• _DIRECTIONS FOR THIS TASK_
Repeat the data exactly, leaving out any image.

• _AVAILABLE RECORDS_
--- START ---

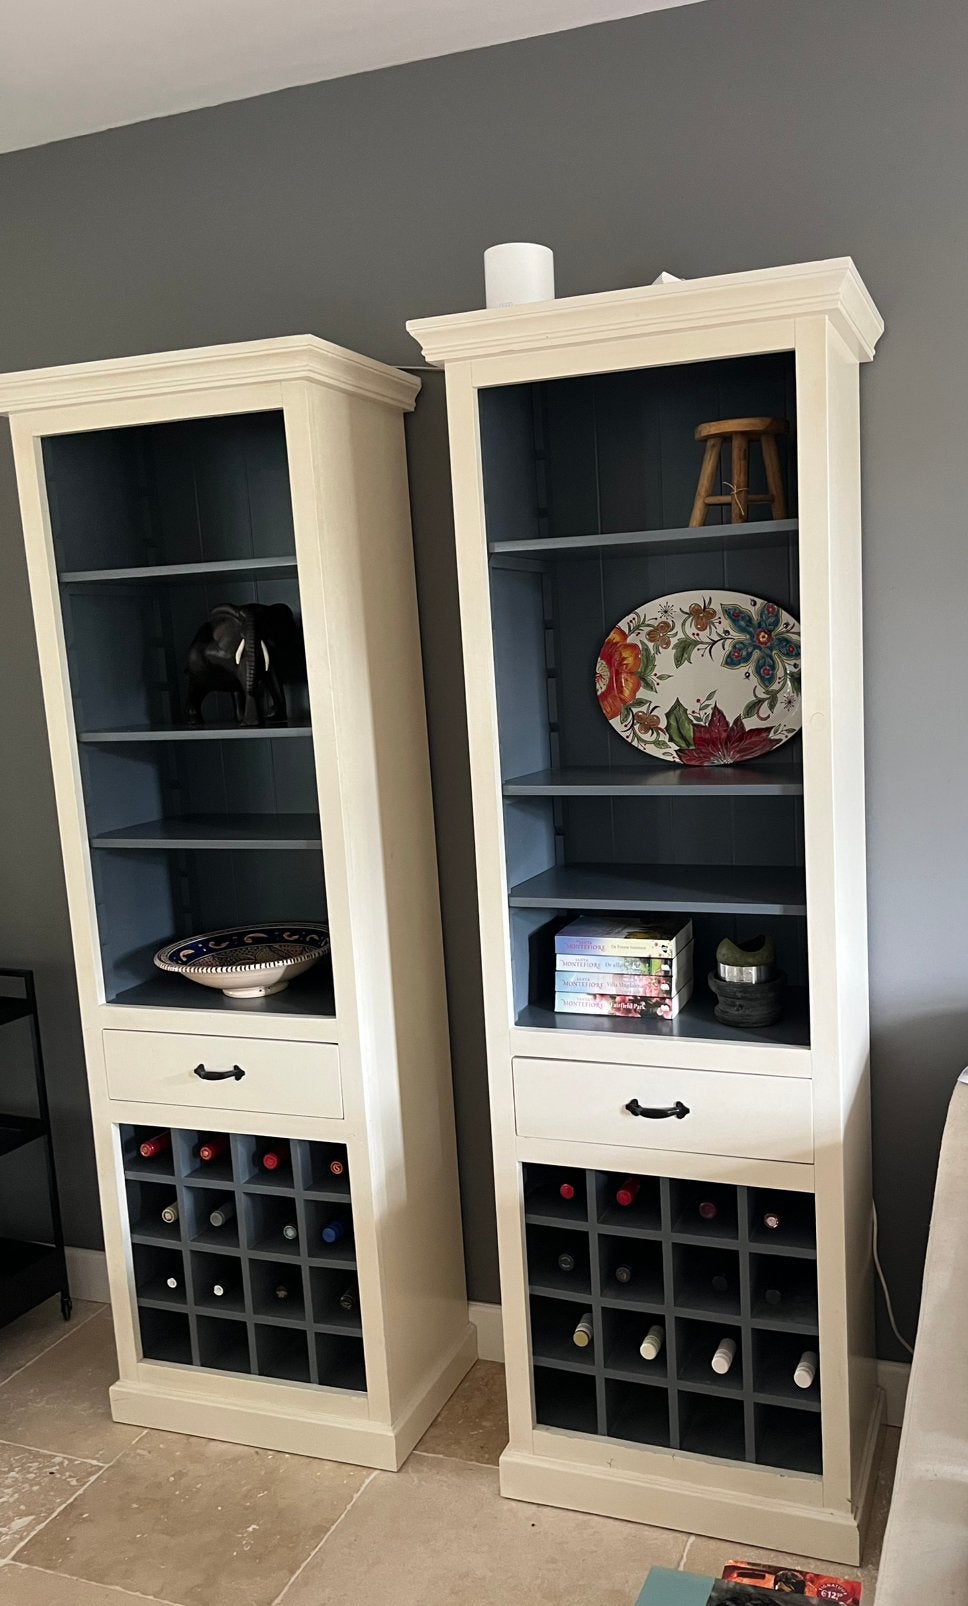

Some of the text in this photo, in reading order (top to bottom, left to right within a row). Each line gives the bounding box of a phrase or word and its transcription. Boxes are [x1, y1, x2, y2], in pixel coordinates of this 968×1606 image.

[565, 942, 606, 952] MONTEFIORE
[560, 960, 601, 970] MONTEFIORE
[562, 979, 603, 990] MONTEFIORE
[561, 999, 604, 1010] MONTEFIORE
[634, 1001, 646, 1010] Park
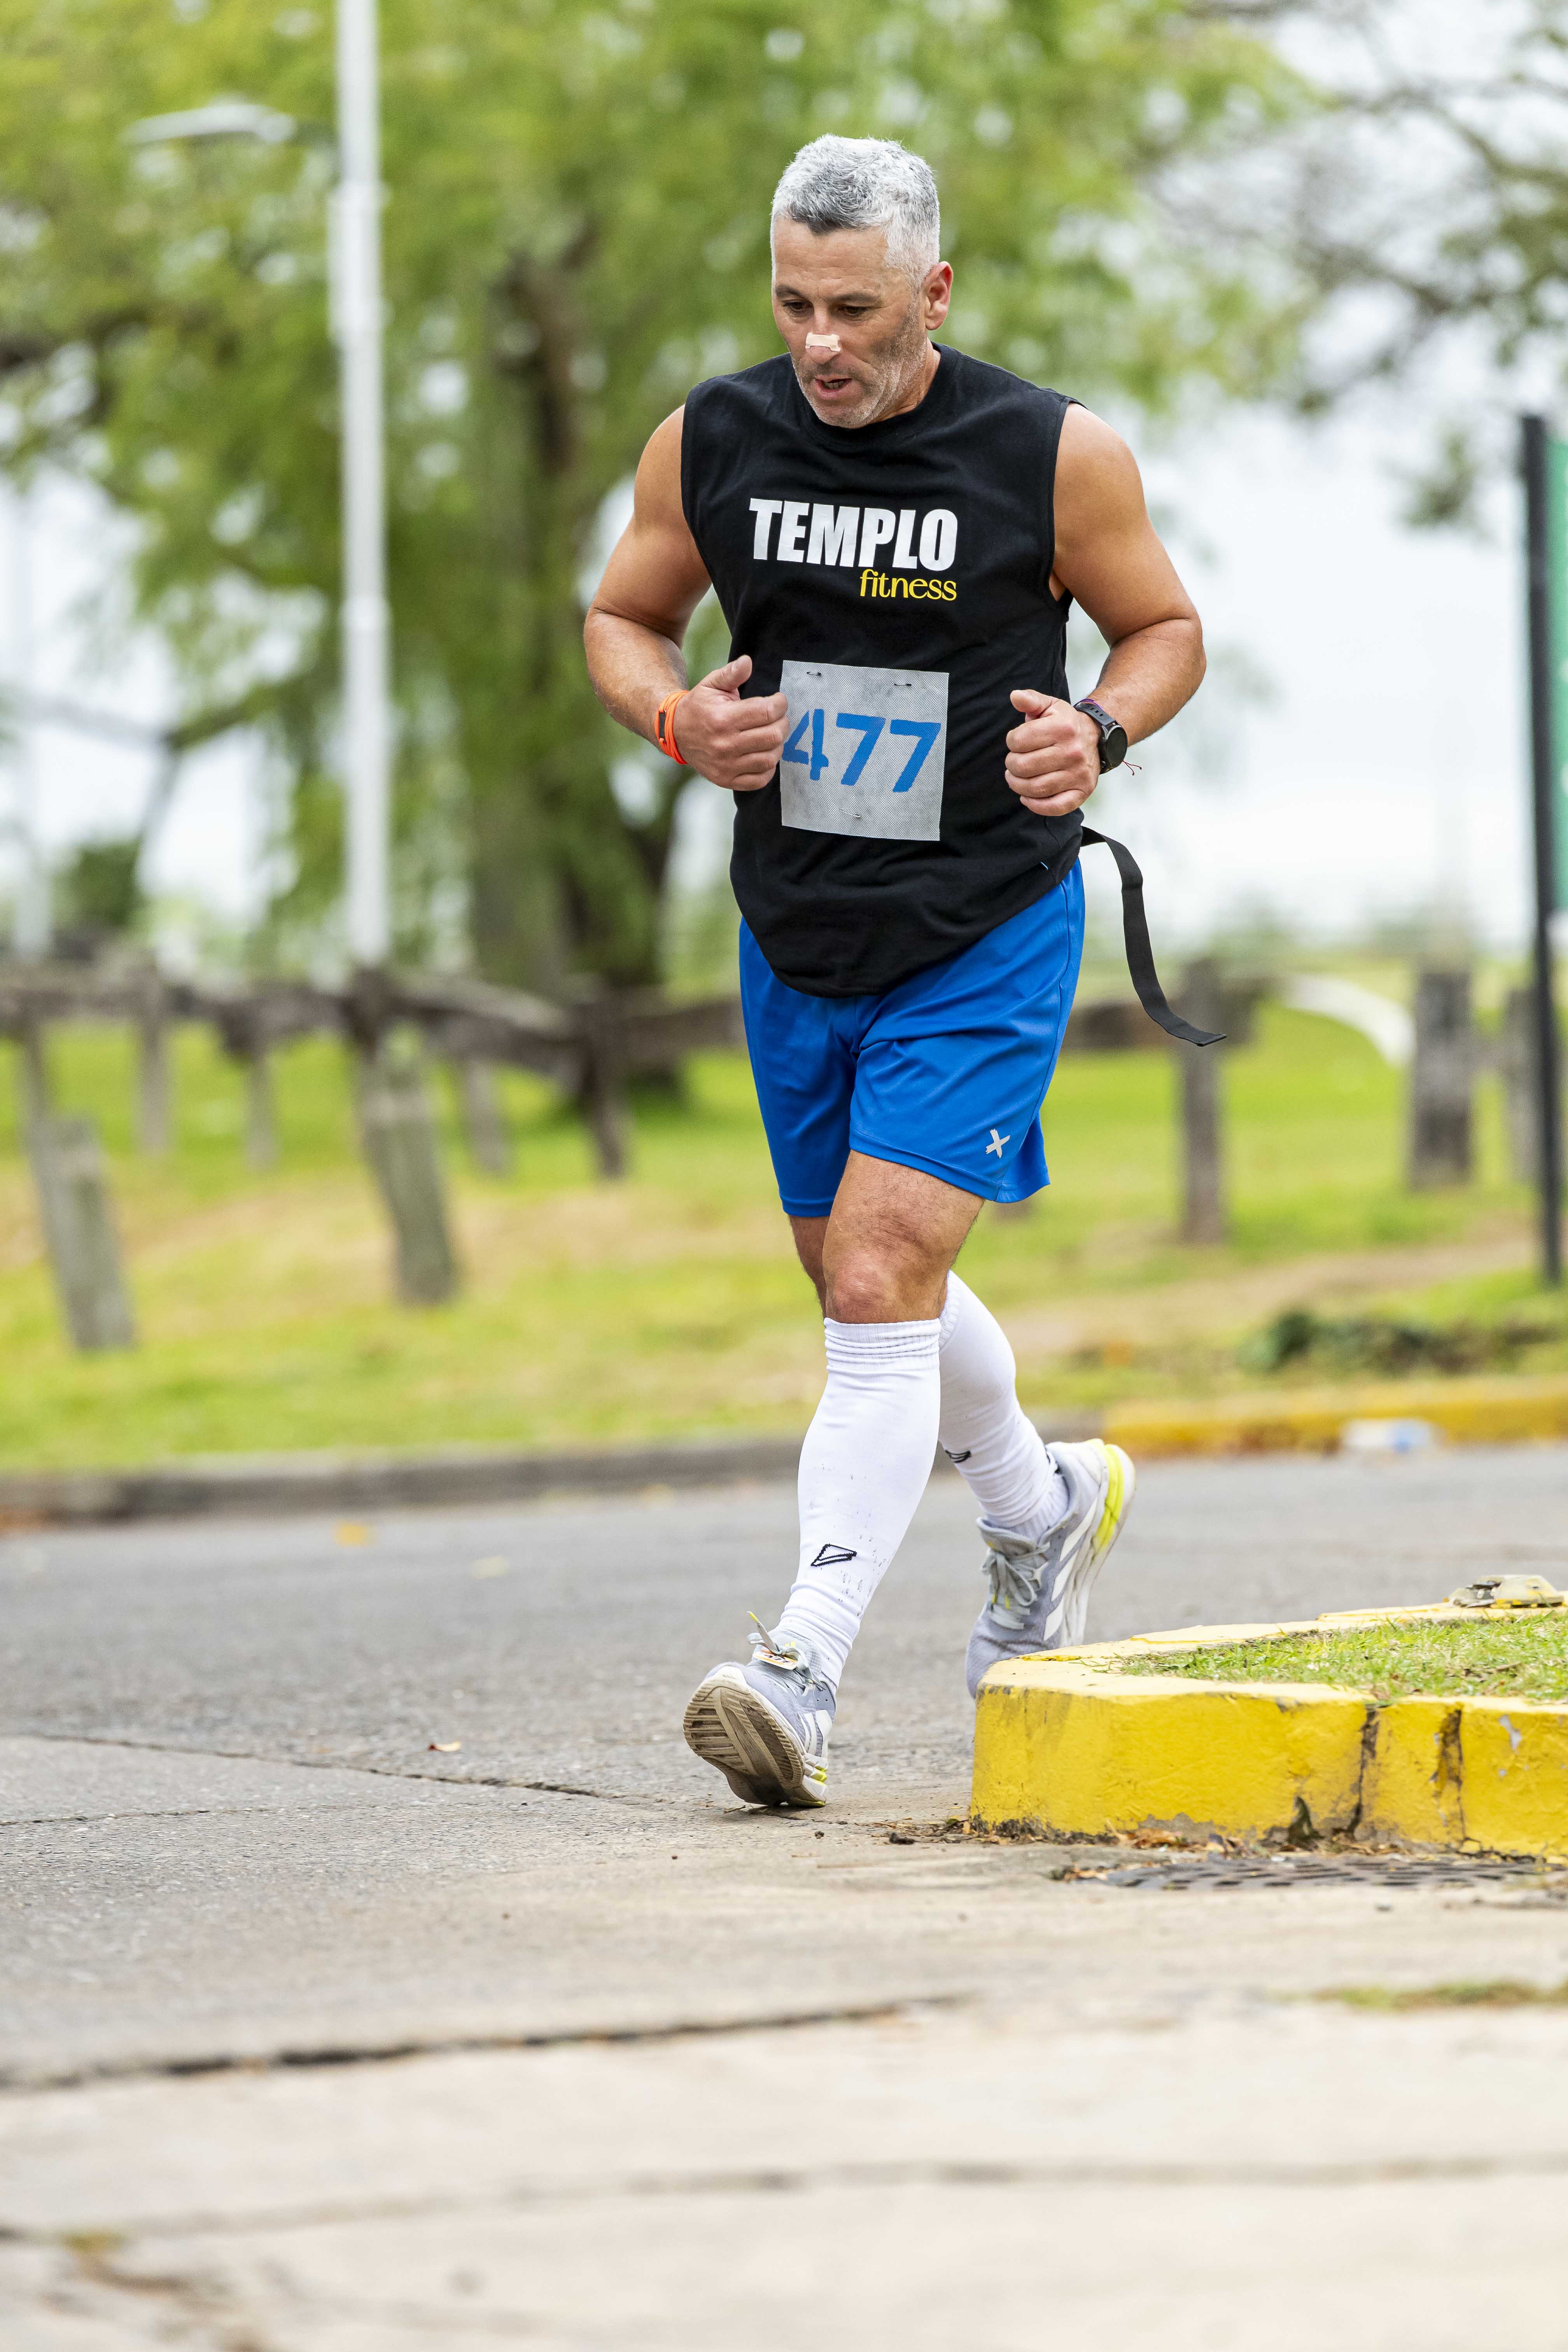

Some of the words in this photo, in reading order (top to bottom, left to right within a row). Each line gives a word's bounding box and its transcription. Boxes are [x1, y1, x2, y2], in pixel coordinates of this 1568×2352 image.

[749, 498, 958, 571] TEMPLO
[860, 569, 957, 601] fitness
[782, 709, 942, 793] 477

--- END ---

• _EXERCISE SOLUTION_
Some of the text in this photo, in reading order (top to bottom, left to right within a row). Each line gives the bounding box of a phrase or word and its transcription. Boxes are [x1, y1, x2, y2], in pixel coordinates of this 968×1606 image.

[565, 942, 606, 952] MONTEFIORE
[560, 960, 601, 970] MONTEFIORE
[562, 979, 603, 990] MONTEFIORE
[561, 999, 604, 1010] MONTEFIORE
[634, 1001, 646, 1010] Park

Some of the words in this photo, in reading order (top to bottom, left to right within a row). Each line gives a word's bounding box and its transcription. Boxes are [x1, y1, x2, y2], in pixel coordinates of this 1568×2352 image.

[749, 498, 958, 571] TEMPLO
[860, 569, 957, 601] fitness
[782, 709, 942, 793] 477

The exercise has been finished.